It’s not “How do we fix the housing crisis?”
It’s “Why is there a crisis at all?”

Because there’s no shortage of land.
No collapse in building skill.
No mystery.

There’s a crisis because the system rewards crisis.

Charlie Munger said it best:

“Show me the incentives, and I’ll show you the outcome.”

So let’s ask:
What kind of system rewards empty condos while families live in tents?
What kind of system lets corporate landlords buy up entire neighborhoods—then blames millennials for eating avocado toast?

It’s not broken.
It’s working exactly as designed.

And the people being crushed by it?
They’re not unlucky.
They’re trapped in a game where short-term gain wins—no matter the long-term cost.

We’re told the solution is personal:

“Move to a smaller town.”
“Cut back.”
“Lower your expectations.”

But should shelter require surrender or privilege?

And if we’re willing to accept that—
what else are we willing to give up?

“You can’t talk about dignity when people don’t have a place to sleep.”

This is what happens when a system grows without a soul.


Look at Maslow’s Hierarchy of Needs.
At the bottom—beneath love, purpose, self-esteem—is shelter.

It’s foundational.
Without a place to live, people don’t grow.
They don’t build.
They survive.

A society that can’t guarantee even that?

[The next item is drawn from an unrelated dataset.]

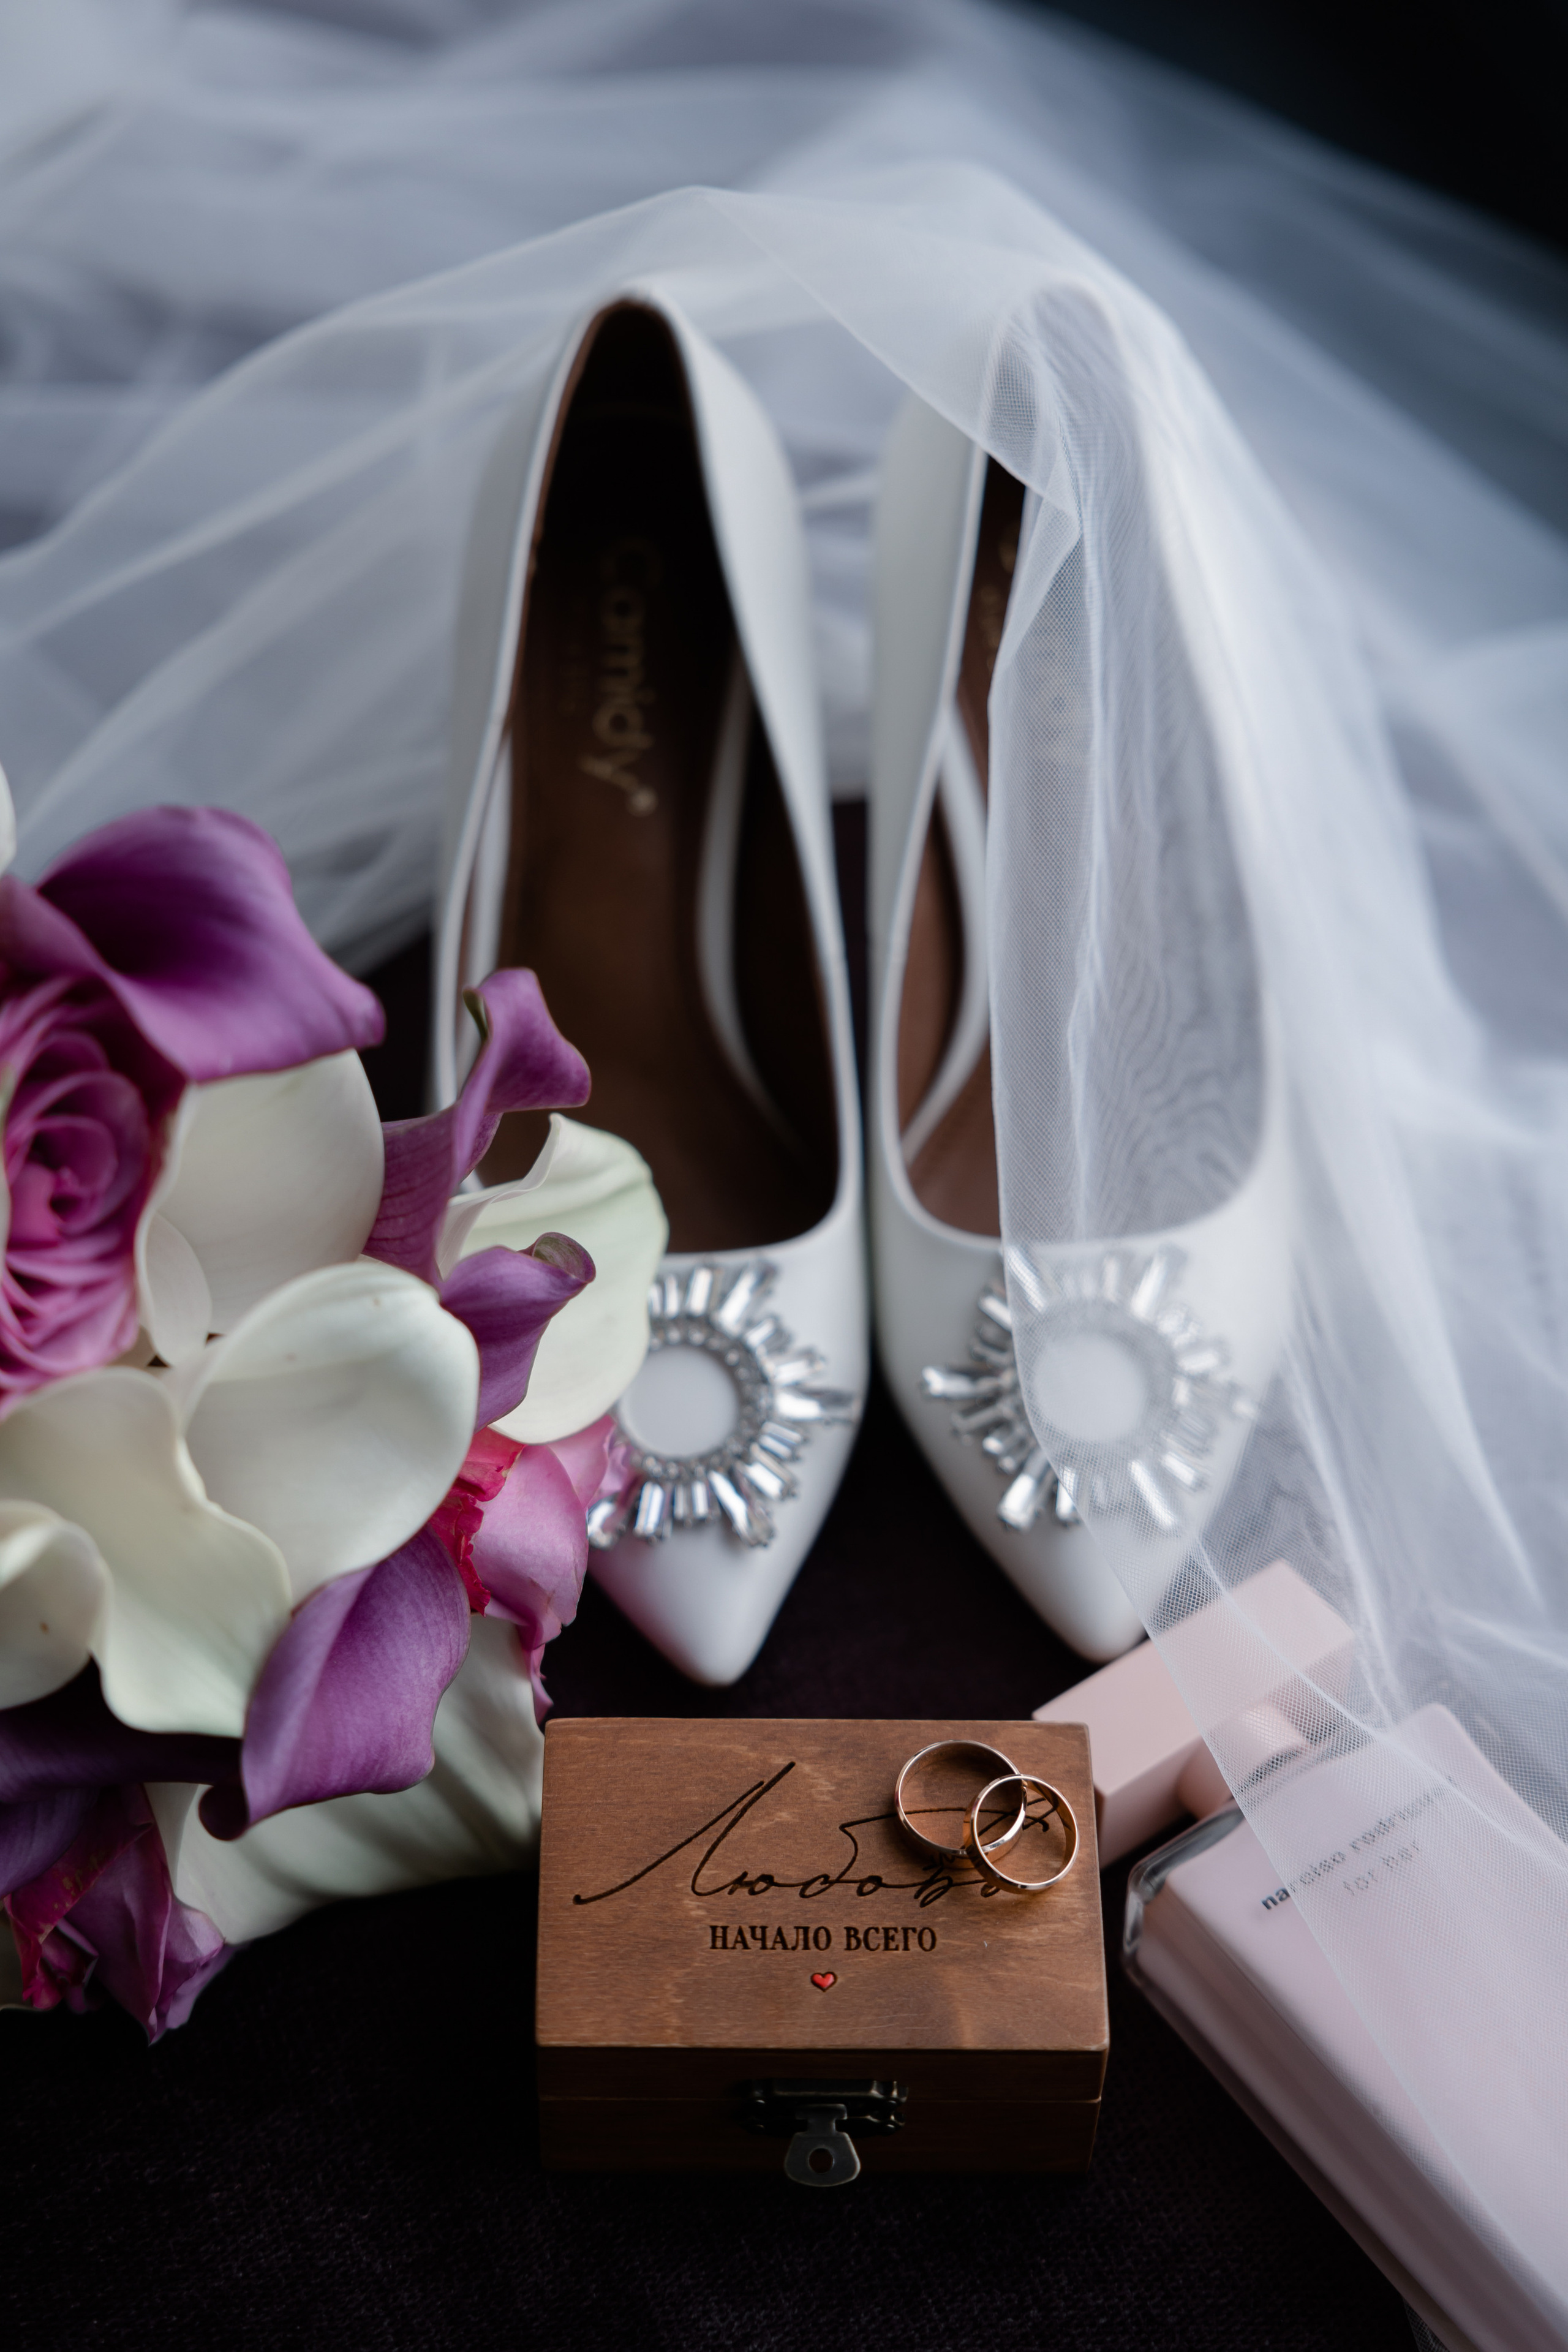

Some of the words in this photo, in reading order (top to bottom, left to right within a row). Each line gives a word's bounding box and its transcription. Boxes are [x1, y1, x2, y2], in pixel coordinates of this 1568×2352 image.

That’s not just policy failure.
That’s moral failure.


We could flood you with stats:

  • Home prices over 8× the median income in major cities
  • 1 in 4 renters in the U.S. spending over half their income on housing
  • Corporate investors owning hundreds of thousands of homes

But you don’t need numbers to know it’s broken.
You feel it:

Every time you scroll past a listing.
Every time you hear “starter home” and laugh.
Every time a developer talks about “community” while displacing one.

This isn’t about data.
It’s about design—and who it leaves out.


🛠️ So what do we do now?

We stop pretending this is someone else’s problem.
We stop electing leaders who say “affordable” while defending the status quo.
And we rebuild the system from the ground up.

Because housing isn’t about entitlement.
It’s about dignity.
Stability.
And the ability to build a life worth working for.

We’re not asking for handouts.
We’re asking for a chance — to earn, to build, to stay.
Because a system that punishes hard work and rewards speculation isn’t a system at all.
It’s a trap.

We’re not asking for guarantees — only the chance to build.
Shelter is a foundation, but responsibility is what’s built on top of it.
A roof over your head isn’t the finish line. It’s where contribution begins.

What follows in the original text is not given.